An exact copy of the listing is required.

DATA SECTION below:

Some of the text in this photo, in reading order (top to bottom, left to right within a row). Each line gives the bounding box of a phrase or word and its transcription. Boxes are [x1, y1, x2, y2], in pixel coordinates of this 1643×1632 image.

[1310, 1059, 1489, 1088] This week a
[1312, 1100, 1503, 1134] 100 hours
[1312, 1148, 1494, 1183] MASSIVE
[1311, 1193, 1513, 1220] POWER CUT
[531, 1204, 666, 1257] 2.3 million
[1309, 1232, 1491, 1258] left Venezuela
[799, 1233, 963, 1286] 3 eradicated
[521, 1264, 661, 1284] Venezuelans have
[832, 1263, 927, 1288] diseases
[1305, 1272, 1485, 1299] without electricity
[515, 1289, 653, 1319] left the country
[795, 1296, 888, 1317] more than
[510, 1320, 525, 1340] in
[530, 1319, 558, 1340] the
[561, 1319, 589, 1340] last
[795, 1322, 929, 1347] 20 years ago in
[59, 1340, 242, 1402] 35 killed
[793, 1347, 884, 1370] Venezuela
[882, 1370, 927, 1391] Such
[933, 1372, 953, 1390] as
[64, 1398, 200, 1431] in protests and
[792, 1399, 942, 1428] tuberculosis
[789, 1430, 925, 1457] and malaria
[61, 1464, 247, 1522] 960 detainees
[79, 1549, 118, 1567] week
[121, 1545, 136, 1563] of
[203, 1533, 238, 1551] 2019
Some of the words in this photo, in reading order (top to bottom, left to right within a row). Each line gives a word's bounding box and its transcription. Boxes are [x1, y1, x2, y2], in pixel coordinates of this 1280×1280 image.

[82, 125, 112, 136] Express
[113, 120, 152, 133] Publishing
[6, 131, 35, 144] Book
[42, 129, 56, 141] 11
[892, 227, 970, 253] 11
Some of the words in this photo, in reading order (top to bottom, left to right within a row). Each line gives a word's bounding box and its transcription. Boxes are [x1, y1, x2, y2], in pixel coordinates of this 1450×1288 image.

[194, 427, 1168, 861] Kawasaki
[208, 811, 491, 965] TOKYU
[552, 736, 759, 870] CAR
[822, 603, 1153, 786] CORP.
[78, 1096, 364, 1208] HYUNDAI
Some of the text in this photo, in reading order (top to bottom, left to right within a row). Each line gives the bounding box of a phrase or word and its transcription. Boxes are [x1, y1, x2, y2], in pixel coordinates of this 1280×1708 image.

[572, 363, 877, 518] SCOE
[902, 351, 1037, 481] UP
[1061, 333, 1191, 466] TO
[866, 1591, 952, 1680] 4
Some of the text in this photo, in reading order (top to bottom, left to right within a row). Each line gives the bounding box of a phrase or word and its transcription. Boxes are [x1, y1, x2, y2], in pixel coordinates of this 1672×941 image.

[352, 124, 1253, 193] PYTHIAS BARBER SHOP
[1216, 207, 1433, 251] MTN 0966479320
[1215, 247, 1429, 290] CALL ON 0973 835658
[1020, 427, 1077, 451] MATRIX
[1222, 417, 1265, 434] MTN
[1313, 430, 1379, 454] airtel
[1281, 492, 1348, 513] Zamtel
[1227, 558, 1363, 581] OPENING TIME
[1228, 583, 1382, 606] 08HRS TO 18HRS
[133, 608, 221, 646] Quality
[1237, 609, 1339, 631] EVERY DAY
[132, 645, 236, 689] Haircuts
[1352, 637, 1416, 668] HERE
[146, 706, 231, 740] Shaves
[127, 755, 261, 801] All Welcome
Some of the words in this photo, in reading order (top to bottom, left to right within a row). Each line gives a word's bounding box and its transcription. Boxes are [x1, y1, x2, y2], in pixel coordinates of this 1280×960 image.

End of DATA SECTION.

▸ **WORKED SOLUTION**:
Some of the text in this photo, in reading order (top to bottom, left to right within a row). Each line gives the bounding box of a phrase or word and its transcription. Boxes are [x1, y1, x2, y2], in pixel coordinates of this 1643×1632 image.

[1310, 1059, 1489, 1088] This week a
[1312, 1100, 1503, 1134] 100 hours
[1312, 1148, 1494, 1183] MASSIVE
[1311, 1193, 1513, 1220] POWER CUT
[531, 1204, 666, 1257] 2.3 million
[1309, 1232, 1491, 1258] left Venezuela
[799, 1233, 963, 1286] 3 eradicated
[521, 1264, 661, 1284] Venezuelans have
[832, 1263, 927, 1288] diseases
[1305, 1272, 1485, 1299] without electricity
[515, 1289, 653, 1319] left the country
[795, 1296, 888, 1317] more than
[510, 1320, 525, 1340] in
[530, 1319, 558, 1340] the
[561, 1319, 589, 1340] last
[795, 1322, 929, 1347] 20 years ago in
[59, 1340, 242, 1402] 35 killed
[793, 1347, 884, 1370] Venezuela
[882, 1370, 927, 1391] Such
[933, 1372, 953, 1390] as
[64, 1398, 200, 1431] in protests and
[792, 1399, 942, 1428] tuberculosis
[789, 1430, 925, 1457] and malaria
[61, 1464, 247, 1522] 960 detainees
[79, 1549, 118, 1567] week
[121, 1545, 136, 1563] of
[203, 1533, 238, 1551] 2019
Some of the words in this photo, in reading order (top to bottom, left to right within a row). Each line gives a word's bounding box and its transcription. Boxes are [x1, y1, x2, y2], in pixel coordinates of this 1280×1280 image.

[82, 125, 112, 136] Express
[113, 120, 152, 133] Publishing
[6, 131, 35, 144] Book
[42, 129, 56, 141] 11
[892, 227, 970, 253] 11
Some of the words in this photo, in reading order (top to bottom, left to right within a row). Each line gives a word's bounding box and its transcription. Boxes are [x1, y1, x2, y2], in pixel coordinates of this 1450×1288 image.

[194, 427, 1168, 861] Kawasaki
[208, 811, 491, 965] TOKYU
[552, 736, 759, 870] CAR
[822, 603, 1153, 786] CORP.
[78, 1096, 364, 1208] HYUNDAI
Some of the text in this photo, in reading order (top to bottom, left to right within a row). Each line gives the bounding box of a phrase or word and its transcription. Boxes are [x1, y1, x2, y2], in pixel coordinates of this 1280×1708 image.

[572, 363, 877, 518] SCOE
[902, 351, 1037, 481] UP
[1061, 333, 1191, 466] TO
[866, 1591, 952, 1680] 4
Some of the text in this photo, in reading order (top to bottom, left to right within a row). Each line gives the bounding box of a phrase or word and its transcription. Boxes are [x1, y1, x2, y2], in pixel coordinates of this 1672×941 image.

[352, 124, 1253, 193] PYTHIAS BARBER SHOP
[1216, 207, 1433, 251] MTN 0966479320
[1215, 247, 1429, 290] CALL ON 0973 835658
[1020, 427, 1077, 451] MATRIX
[1222, 417, 1265, 434] MTN
[1313, 430, 1379, 454] airtel
[1281, 492, 1348, 513] Zamtel
[1227, 558, 1363, 581] OPENING TIME
[1228, 583, 1382, 606] 08HRS TO 18HRS
[133, 608, 221, 646] Quality
[1237, 609, 1339, 631] EVERY DAY
[132, 645, 236, 689] Haircuts
[1352, 637, 1416, 668] HERE
[146, 706, 231, 740] Shaves
[127, 755, 261, 801] All Welcome
Some of the words in this photo, in reading order (top to bottom, left to right within a row). Each line gives a word's bounding box and its transcription. Boxes are [x1, y1, x2, y2], in pixel coordinates of this 1280×960 image.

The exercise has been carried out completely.